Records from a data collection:
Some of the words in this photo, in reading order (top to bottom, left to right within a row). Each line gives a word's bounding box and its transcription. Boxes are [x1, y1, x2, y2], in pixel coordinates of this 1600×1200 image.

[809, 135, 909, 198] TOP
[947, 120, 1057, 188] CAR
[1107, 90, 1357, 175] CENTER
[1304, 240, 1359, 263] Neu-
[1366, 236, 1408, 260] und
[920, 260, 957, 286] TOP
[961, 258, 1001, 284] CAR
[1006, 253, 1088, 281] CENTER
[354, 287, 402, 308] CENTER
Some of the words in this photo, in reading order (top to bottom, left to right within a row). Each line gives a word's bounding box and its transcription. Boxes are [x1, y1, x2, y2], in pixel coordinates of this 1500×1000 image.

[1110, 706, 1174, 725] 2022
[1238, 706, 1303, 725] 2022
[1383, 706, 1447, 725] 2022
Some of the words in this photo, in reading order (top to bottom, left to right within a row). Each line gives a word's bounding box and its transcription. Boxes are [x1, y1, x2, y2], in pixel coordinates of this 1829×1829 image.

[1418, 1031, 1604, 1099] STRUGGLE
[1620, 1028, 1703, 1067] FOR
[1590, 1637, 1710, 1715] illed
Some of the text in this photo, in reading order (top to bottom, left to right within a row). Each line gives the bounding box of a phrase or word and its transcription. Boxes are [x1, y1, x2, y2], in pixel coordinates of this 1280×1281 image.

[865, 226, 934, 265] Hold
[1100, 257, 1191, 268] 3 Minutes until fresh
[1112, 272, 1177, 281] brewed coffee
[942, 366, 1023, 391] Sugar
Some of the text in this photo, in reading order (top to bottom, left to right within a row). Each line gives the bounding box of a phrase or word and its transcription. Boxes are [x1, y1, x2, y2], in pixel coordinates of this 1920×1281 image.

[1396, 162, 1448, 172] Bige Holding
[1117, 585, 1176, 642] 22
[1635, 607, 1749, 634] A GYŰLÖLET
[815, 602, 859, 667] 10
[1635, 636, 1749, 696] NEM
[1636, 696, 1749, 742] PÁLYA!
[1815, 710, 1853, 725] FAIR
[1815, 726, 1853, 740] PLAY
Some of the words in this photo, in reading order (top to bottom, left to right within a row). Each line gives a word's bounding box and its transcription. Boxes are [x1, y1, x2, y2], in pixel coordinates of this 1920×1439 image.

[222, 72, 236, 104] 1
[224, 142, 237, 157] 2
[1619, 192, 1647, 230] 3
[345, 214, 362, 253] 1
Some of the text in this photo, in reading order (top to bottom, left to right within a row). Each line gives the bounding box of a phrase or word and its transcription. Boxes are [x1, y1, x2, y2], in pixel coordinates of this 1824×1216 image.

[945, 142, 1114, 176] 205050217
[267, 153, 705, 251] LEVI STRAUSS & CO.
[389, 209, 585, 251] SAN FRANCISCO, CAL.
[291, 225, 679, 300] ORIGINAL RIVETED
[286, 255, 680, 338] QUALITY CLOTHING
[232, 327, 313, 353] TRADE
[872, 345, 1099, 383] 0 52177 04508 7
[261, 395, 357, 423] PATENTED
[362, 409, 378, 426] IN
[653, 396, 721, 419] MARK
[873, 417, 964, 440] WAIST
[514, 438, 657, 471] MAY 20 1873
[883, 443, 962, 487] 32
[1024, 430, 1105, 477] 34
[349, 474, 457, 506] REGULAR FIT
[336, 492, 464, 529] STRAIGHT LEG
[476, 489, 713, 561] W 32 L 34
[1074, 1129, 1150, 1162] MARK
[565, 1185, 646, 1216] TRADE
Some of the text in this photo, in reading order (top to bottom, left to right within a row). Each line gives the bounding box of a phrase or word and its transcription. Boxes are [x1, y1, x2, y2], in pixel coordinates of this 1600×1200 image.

• **WHAT THE TASK REQUIRES**: Retype all the data, keeping every character the same.

• **EXERCISE OUTPUT**:
Some of the words in this photo, in reading order (top to bottom, left to right within a row). Each line gives a word's bounding box and its transcription. Boxes are [x1, y1, x2, y2], in pixel coordinates of this 1600×1200 image.

[809, 135, 909, 198] TOP
[947, 120, 1057, 188] CAR
[1107, 90, 1357, 175] CENTER
[1304, 240, 1359, 263] Neu-
[1366, 236, 1408, 260] und
[920, 260, 957, 286] TOP
[961, 258, 1001, 284] CAR
[1006, 253, 1088, 281] CENTER
[354, 287, 402, 308] CENTER
Some of the words in this photo, in reading order (top to bottom, left to right within a row). Each line gives a word's bounding box and its transcription. Boxes are [x1, y1, x2, y2], in pixel coordinates of this 1500×1000 image.

[1110, 706, 1174, 725] 2022
[1238, 706, 1303, 725] 2022
[1383, 706, 1447, 725] 2022
Some of the words in this photo, in reading order (top to bottom, left to right within a row). Each line gives a word's bounding box and its transcription. Boxes are [x1, y1, x2, y2], in pixel coordinates of this 1829×1829 image.

[1418, 1031, 1604, 1099] STRUGGLE
[1620, 1028, 1703, 1067] FOR
[1590, 1637, 1710, 1715] illed
Some of the text in this photo, in reading order (top to bottom, left to right within a row). Each line gives the bounding box of a phrase or word and its transcription. Boxes are [x1, y1, x2, y2], in pixel coordinates of this 1280×1281 image.

[865, 226, 934, 265] Hold
[1100, 257, 1191, 268] 3 Minutes until fresh
[1112, 272, 1177, 281] brewed coffee
[942, 366, 1023, 391] Sugar
Some of the text in this photo, in reading order (top to bottom, left to right within a row). Each line gives the bounding box of a phrase or word and its transcription. Boxes are [x1, y1, x2, y2], in pixel coordinates of this 1920×1281 image.

[1396, 162, 1448, 172] Bige Holding
[1117, 585, 1176, 642] 22
[1635, 607, 1749, 634] A GYŰLÖLET
[815, 602, 859, 667] 10
[1635, 636, 1749, 696] NEM
[1636, 696, 1749, 742] PÁLYA!
[1815, 710, 1853, 725] FAIR
[1815, 726, 1853, 740] PLAY
Some of the words in this photo, in reading order (top to bottom, left to right within a row). Each line gives a word's bounding box and its transcription. Boxes are [x1, y1, x2, y2], in pixel coordinates of this 1920×1439 image.

[222, 72, 236, 104] 1
[224, 142, 237, 157] 2
[1619, 192, 1647, 230] 3
[345, 214, 362, 253] 1
Some of the text in this photo, in reading order (top to bottom, left to right within a row). Each line gives the bounding box of a phrase or word and its transcription. Boxes are [x1, y1, x2, y2], in pixel coordinates of this 1824×1216 image.

[945, 142, 1114, 176] 205050217
[267, 153, 705, 251] LEVI STRAUSS & CO.
[389, 209, 585, 251] SAN FRANCISCO, CAL.
[291, 225, 679, 300] ORIGINAL RIVETED
[286, 255, 680, 338] QUALITY CLOTHING
[232, 327, 313, 353] TRADE
[872, 345, 1099, 383] 0 52177 04508 7
[261, 395, 357, 423] PATENTED
[362, 409, 378, 426] IN
[653, 396, 721, 419] MARK
[873, 417, 964, 440] WAIST
[514, 438, 657, 471] MAY 20 1873
[883, 443, 962, 487] 32
[1024, 430, 1105, 477] 34
[349, 474, 457, 506] REGULAR FIT
[336, 492, 464, 529] STRAIGHT LEG
[476, 489, 713, 561] W 32 L 34
[1074, 1129, 1150, 1162] MARK
[565, 1185, 646, 1216] TRADE
Some of the text in this photo, in reading order (top to bottom, left to right within a row). Each line gives the bounding box of a phrase or word and its transcription. Boxes are [x1, y1, x2, y2], in pixel coordinates of this 1600×1200 image.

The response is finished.